Research led by The Institute of Cancer Research, London and King’s College London suggests that an early scan taken after one cycle of chemotherapy could help predict how well a patient’s cancer will respond to treatment.

The study focused on patients with triple-negative breast cancer (TNBC), an aggressive form of the disease in which cancer cells lack receptors for the hormones oestrogen and progesterone, as well as the HER2 protein.

Patients with TNBC are usually treated with chemotherapy prior to surgery. While many respond well, residual disease at surgery, typically around six months later, is associated with a significantly poorer prognosis. Identifying people sooner who are unlikely to respond remains a major clinical challenge.

The research explored whether using PET imaging shortly after treatment begins, rather than relying only on MRI scans later in the treatment process, could provide earlier insight into how a patient’s cancer is responding. Twenty-two patients were recruited, with fourteen undergoing FDG-PET scans before treatment and after the first cycle of chemotherapy.

The findings, published in Clinical Cancer Research, showed that changes seen on PET scans after just one cycle of chemotherapy were strongly associated with subsequent response, including whether there was no detectable cancer, known as a complete response, by the end of treatment. Importantly, early PET response showed stronger associations with treatment outcomes than standard mid-treatment MRI scans in this study.

Being able to identify patients who are not responding well at an early stage could allow clinicians to adjust treatment sooner or consider alternative approaches. These findings may also support future strategies to better tailor treatment intensity to individual patients.

The study also compared two types of PET tracers, FDG and FLT, to determine which was most suitable. While both met the study’s technical criteria, FDG-PET was selected for further evaluation due to its better image quality, greater consistency and wider use in clinical practice.

The research also explored how imaging changes after just one cycle of chemotherapy relate to the body’s immune response to treatment. Biopsies taken before and after the first cycle of chemotherapy showed that an increase in immune cells within the tumour was strongly associated with both early PET changes and improved treatment outcomes.

The researchers emphasise that these findings now need to be validated in larger studies. Future work will aim to confirm these results in broader patient groups and explore more accessible imaging approaches, such as ultrasound, alongside PET and MRI.

Sheeba Irshad, professor of cancer immunology at King’s College London and lead of the Breast Cancer Now KCL Research Unit, said:

“In patients who had PET scans both before treatment and after the first cycle, we found that this early scan could predict whether they were likely to achieve a complete response by the end of treatment. These findings highlight the potential of early imaging to guide treatment decisions, and now need to be validated in larger, modern clinical trials.”

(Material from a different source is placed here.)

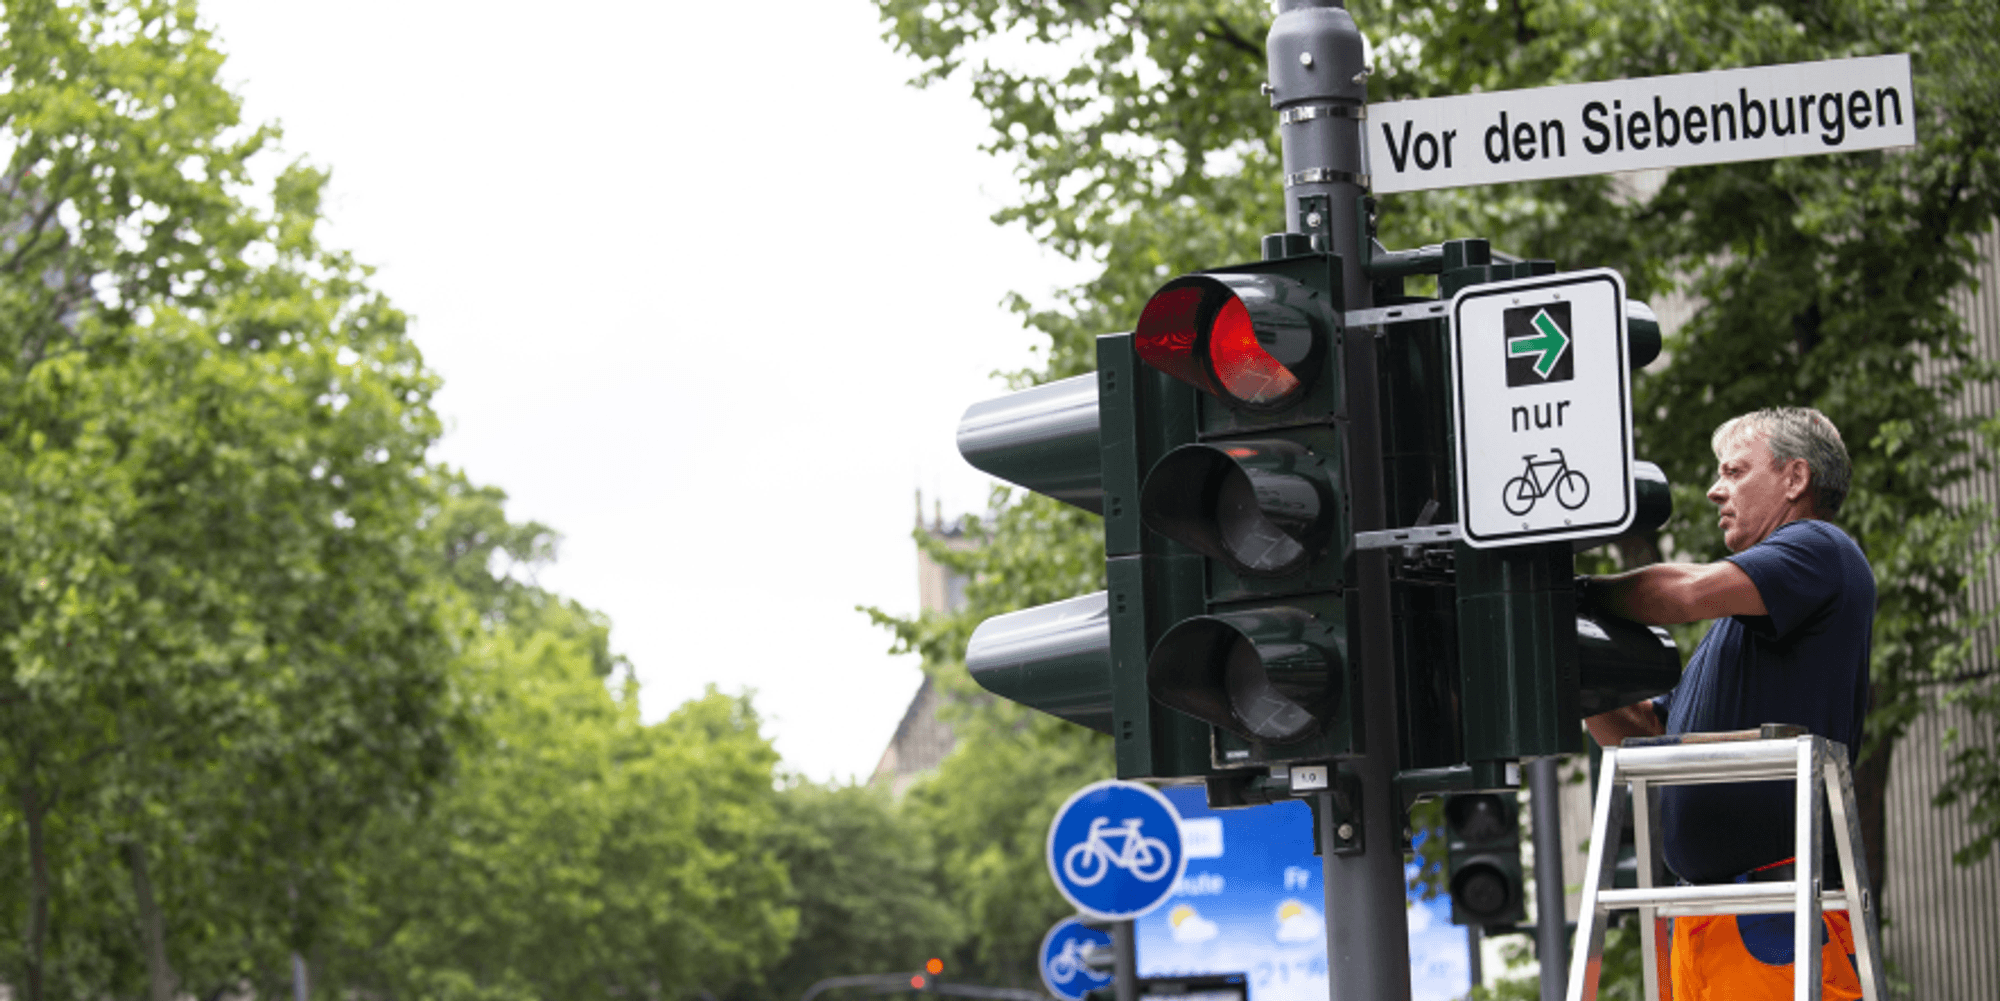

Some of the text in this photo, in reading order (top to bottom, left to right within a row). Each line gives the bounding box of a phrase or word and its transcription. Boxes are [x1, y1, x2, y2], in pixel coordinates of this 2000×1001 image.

[1382, 87, 1903, 172] Vor den Siebenburgen
[1512, 400, 1571, 432] nur
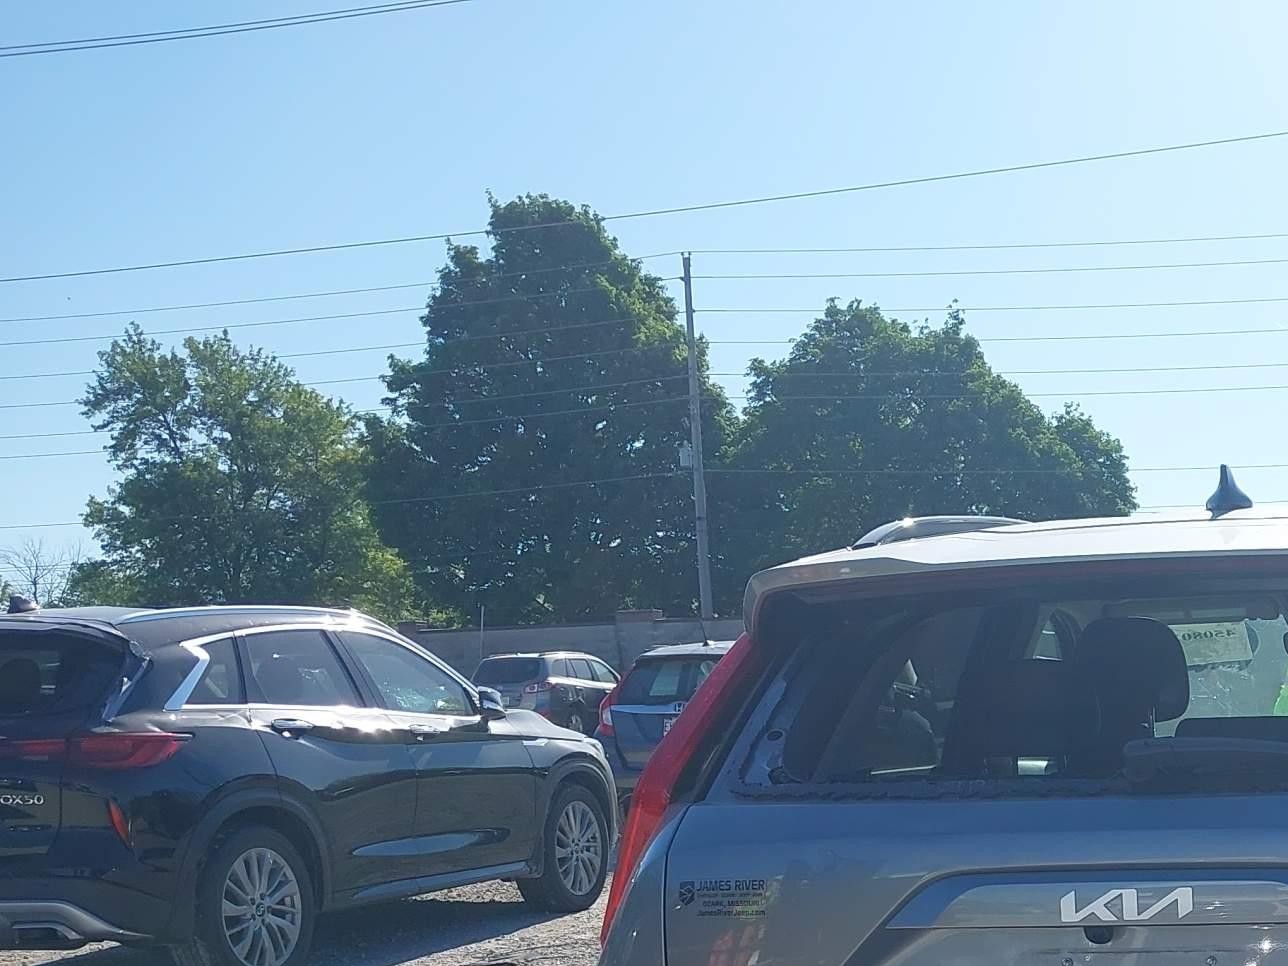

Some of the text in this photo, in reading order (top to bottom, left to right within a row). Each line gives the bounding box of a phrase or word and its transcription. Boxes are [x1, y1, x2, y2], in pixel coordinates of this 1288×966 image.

Andrew Tutt, professor of breast oncology at The Institute of Cancer Research, London, said:

“Research that helps us determine early who is already benefitting from standard neoadjuvant chemotherapy and who might benefit from clinical trials to find better treatments is vital. This study shows that FDG-PET may have great value in this regard. We hope to be able to design studies that further investigate and validate these findings.”

The study was supported by funding from King’s College London and Guy’s and St Thomas’ NHS Foundation Trust, Breast Cancer Now, Cancer Research UK, and Guy’s and St Thomas’ Charity.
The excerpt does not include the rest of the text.